**Exercise goal:** Copy the entries that appear below in full, leaving out any picture among them.

Saved data entries
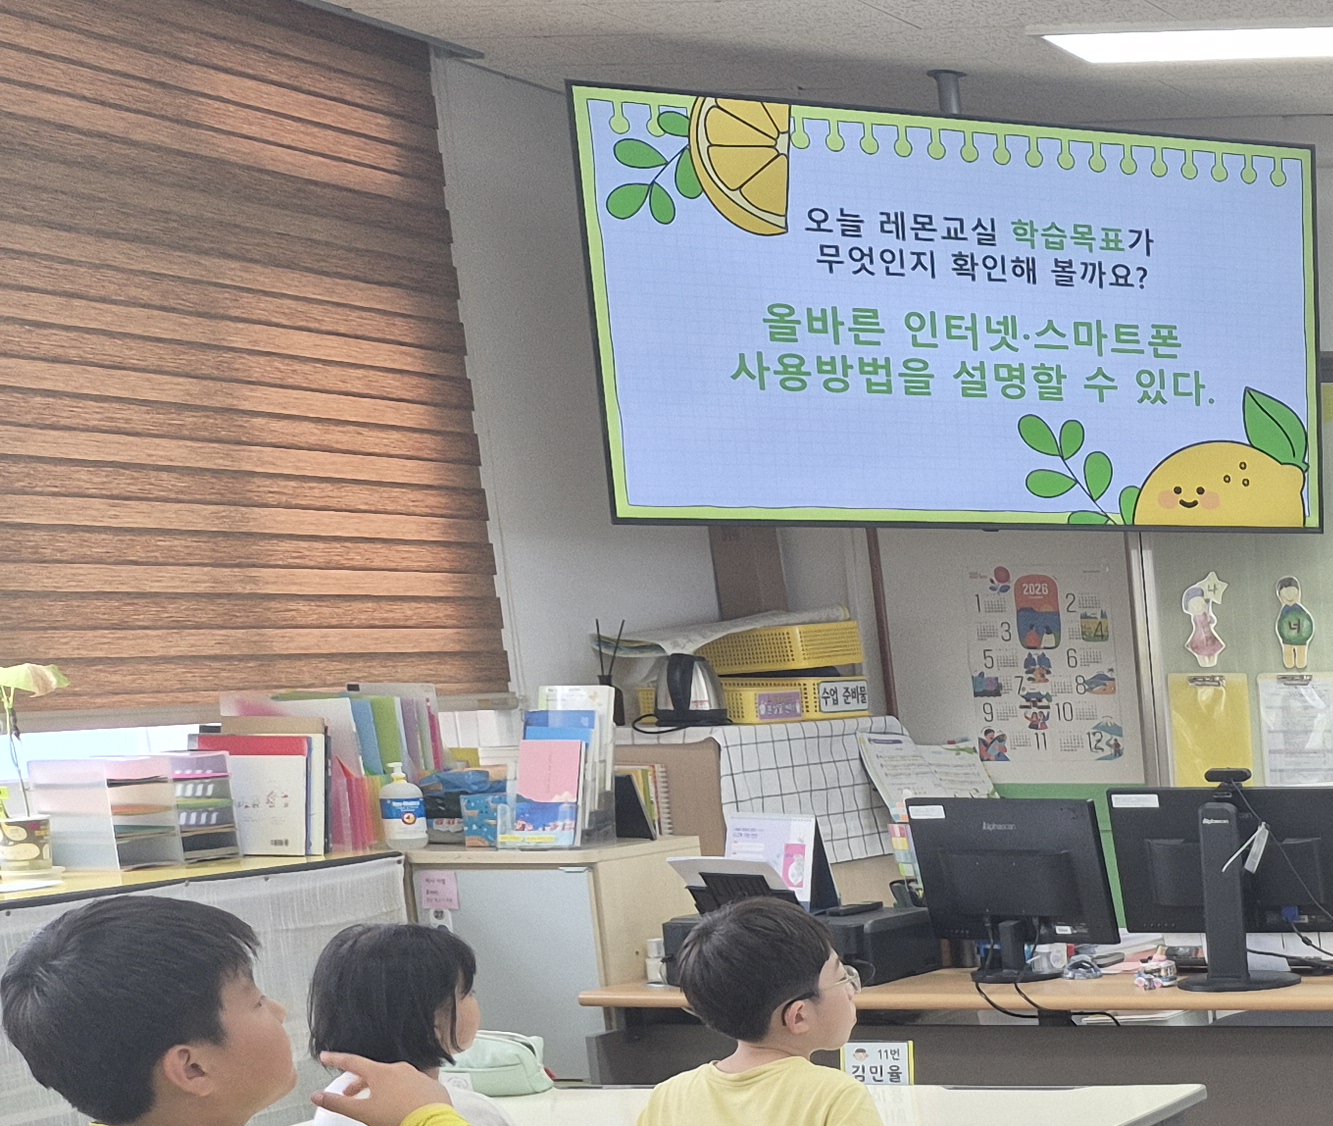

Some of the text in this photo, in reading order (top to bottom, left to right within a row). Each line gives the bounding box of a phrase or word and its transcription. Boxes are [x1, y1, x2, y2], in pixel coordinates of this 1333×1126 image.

[805, 207, 1155, 259] 오늘 레몬교실 학습목표가
[816, 247, 1149, 291] 무엇인지 확인해 볼까요?
[763, 304, 1182, 360] 올바른 인터넷·스마트폰
[730, 351, 1216, 407] 사용방법을 설명할 수 있다.
[1022, 582, 1048, 596] 2026
[1206, 583, 1219, 597] 나
[974, 593, 983, 614] 1
[1065, 593, 1077, 613] 2
[1000, 621, 1012, 642] 3
[1092, 620, 1105, 640] 4
[1289, 620, 1302, 636] 너
[982, 649, 994, 670] 5
[1066, 648, 1078, 669] 6
[1014, 675, 1025, 696] 7
[1075, 674, 1087, 695] 8
[821, 687, 839, 707] 수업
[842, 685, 868, 705] 준비물
[982, 702, 994, 722] 9
[1055, 701, 1075, 722] 10
[1035, 731, 1047, 750] 11
[1086, 730, 1106, 753] 12
[877, 1047, 901, 1062] 11번
[851, 1064, 903, 1084] 김민율

**Solution:**
Some of the text in this photo, in reading order (top to bottom, left to right within a row). Each line gives the bounding box of a phrase or word and its transcription. Boxes are [x1, y1, x2, y2], in pixel coordinates of this 1333×1126 image.

[805, 207, 1155, 259] 오늘 레몬교실 학습목표가
[816, 247, 1149, 291] 무엇인지 확인해 볼까요?
[763, 304, 1182, 360] 올바른 인터넷·스마트폰
[730, 351, 1216, 407] 사용방법을 설명할 수 있다.
[1022, 582, 1048, 596] 2026
[1206, 583, 1219, 597] 나
[974, 593, 983, 614] 1
[1065, 593, 1077, 613] 2
[1000, 621, 1012, 642] 3
[1092, 620, 1105, 640] 4
[1289, 620, 1302, 636] 너
[982, 649, 994, 670] 5
[1066, 648, 1078, 669] 6
[1014, 675, 1025, 696] 7
[1075, 674, 1087, 695] 8
[821, 687, 839, 707] 수업
[842, 685, 868, 705] 준비물
[982, 702, 994, 722] 9
[1055, 701, 1075, 722] 10
[1035, 731, 1047, 750] 11
[1086, 730, 1106, 753] 12
[877, 1047, 901, 1062] 11번
[851, 1064, 903, 1084] 김민율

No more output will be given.